I love Twilight when i watched the movie '' Twilight '' I started to learn how beautiful is it.
the story is very touching. A love story between the vampire ( Edward) and the human(Bella).
they came from different backgrounds , different generation , and different lives style , but when they met, Cupid shots an arrow through their chest , that's why Edward felt Bella's unique. the smell on her body attracted Edward , the sweet smell of her blood , not to fill his hunger but full fill his lonely heart. He can't dominated himself to think about her....even when she was sleeping, he went to her house to watched her dreaming, touched her face with his cold hand. She felt like she was dreaming about him and she don't know he was really sat beside her everyday.

They was studying in the same high school . they have to sit together in the physics class, everyday when it is recess time , they glanced over each other....when their eyes come to contact....they turn their sight to the plate . The embarrassment show their perception..they have good feelings on each other. Unfortunately , Edward realized that they are different types, they cant get together like normal people.Edward started to escaped from Bella. Bella felt wired when Edward changed his attitude and he saved Bella in a accident unpredictably.Bella felt strange with his action so she asked him bravely in the forest and Edward told her what he really is.Though she was appalled when she knew the truth , love conquer everything. Bella chose to be with Edward whatever happened.They came through many things with their firmly love.
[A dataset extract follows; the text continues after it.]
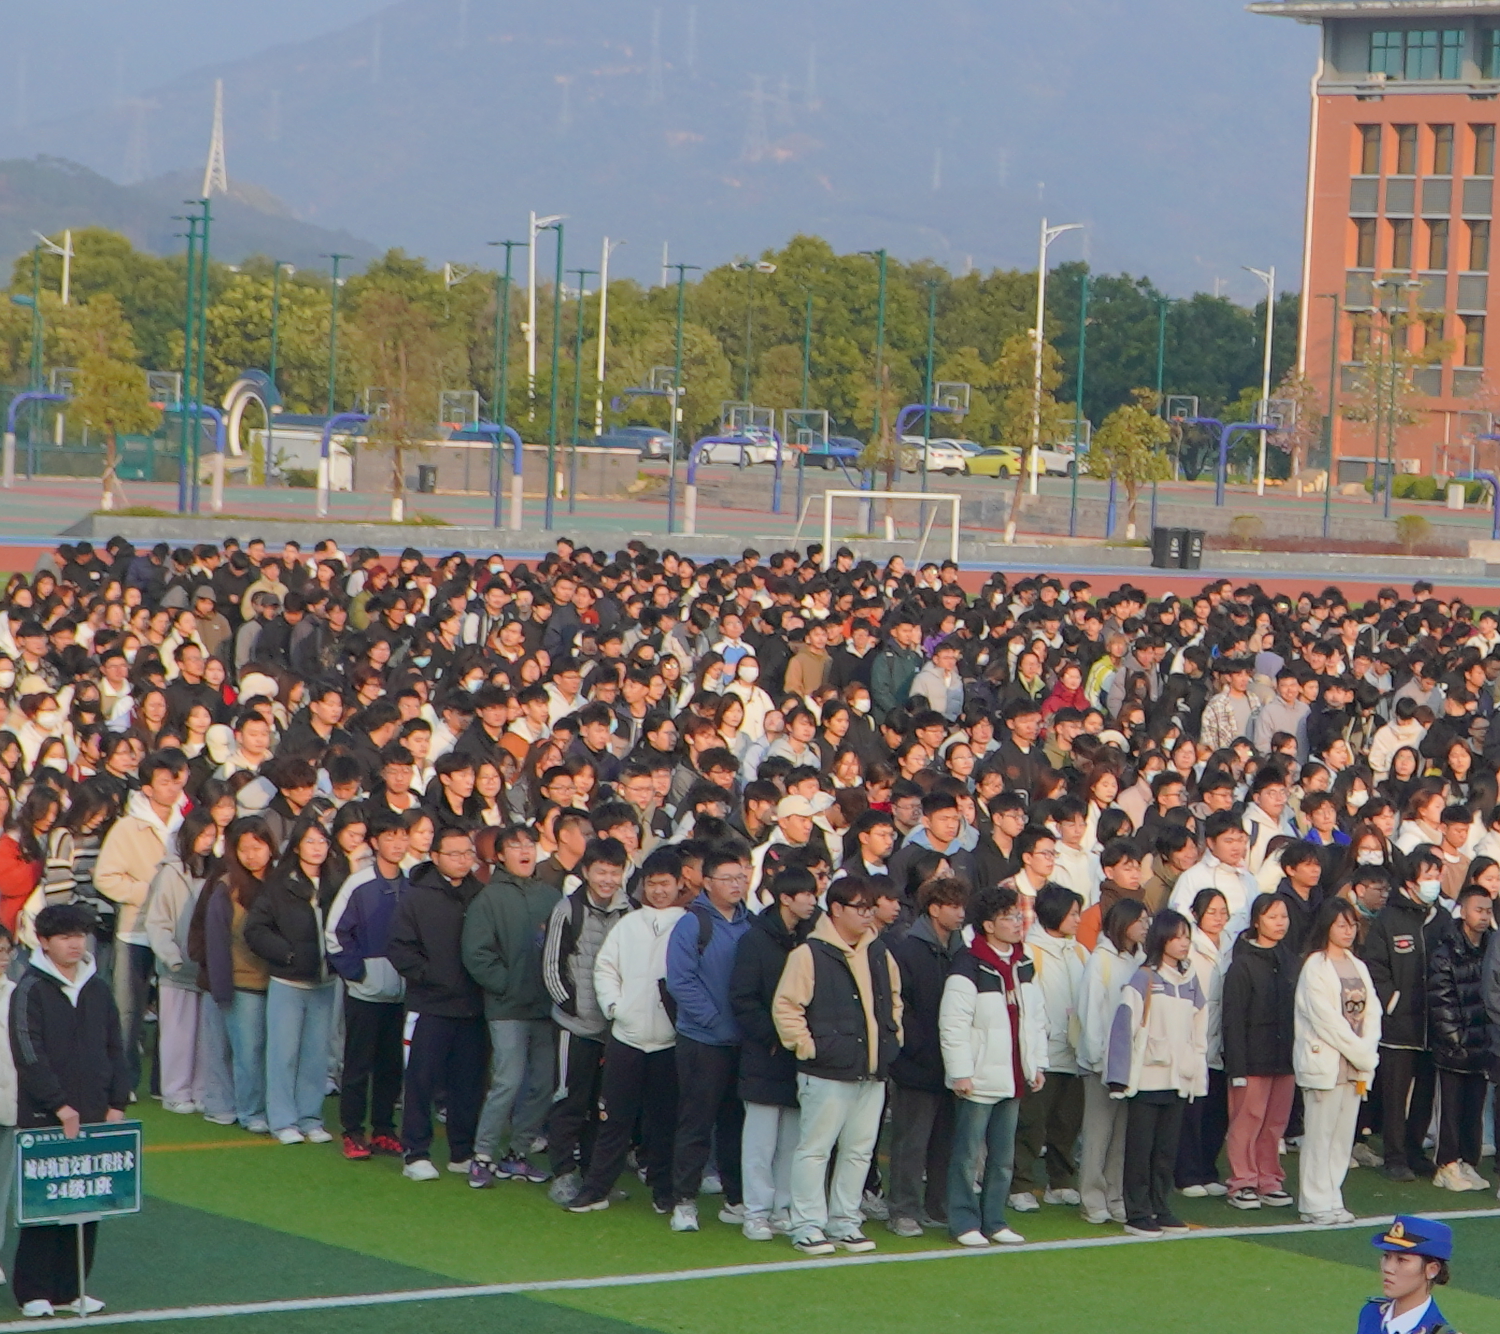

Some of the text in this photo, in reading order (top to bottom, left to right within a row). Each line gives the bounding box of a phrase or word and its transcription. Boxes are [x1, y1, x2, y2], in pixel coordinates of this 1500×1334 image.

i love the story and i love the movie.....It showed what love really is....

23 February 2010

❤❤❤❤❤❤❤❤❤❤❤❤❤❤❤❤❤❤❤❤❤❤❤❤❤❤❤❤❤❤

i felt different today, i think about him early in the morning,think about everything about us....
suddenly a question came out of my mind....when will he stop loving me? I wish i would never know forever, i really hope that we can walk through everything,though we are still young , i choose to settle down with him. But i don't know how he thinks.....maybe there are somebody waiting for him in the future.Maybe our love has it expired. I wish everything will not happen.The only thing that happen is the scene in a church that we walk through the red carpet , listen to the wedding march and give vows and when the priest ask do I .....and i will say I do....then he will wear the ring on me and i will do it back to him and then he will kiss my forehead and lips with the strongest love .
this is what i always dream to have.......a perfect wedding.❤

I wish to you....that my dream come through...thanks

❤❤❤❤❤❤❤❤❤❤❤❤❤❤❤❤❤❤❤❤❤❤❤❤❤❤❤❤❤❤❤❤❤❤❤❤❤❤❤❤❤❤❤❤❤


Monday, February 22, 2010

First post from Cheyenne

this is the year 2010....today is 22 February, this is the first time i write a post in here...
maybe it will not be found but i will still drop down my words...
actually i like to write something about myself on a wall or a page...but is too difficult for me to maintain this good habit..
now i just will write a thing when i feel sad or happy...otherwise i will just let it be like this ..

last week was the school holidays...and it was also the Chinese New Year....i have a wonderful holidays with him and his family.
though there was some disputation between us , we always settled at last...
that was first time i went to a trip with his family...that was really filled me in a happiness jar...
his family treated me great during the days we on the trip..
i felt glad that i have a chance to gathered with them....

Because of the happiness that live in my heart , i cant concentrate to my revision for my monthly test.
but fortunately i have favorably passed my test this morning.
i thank to God cause blessing me....giving me a peaceful life with a sincere guy beside me.
i love him just as much as i love myself.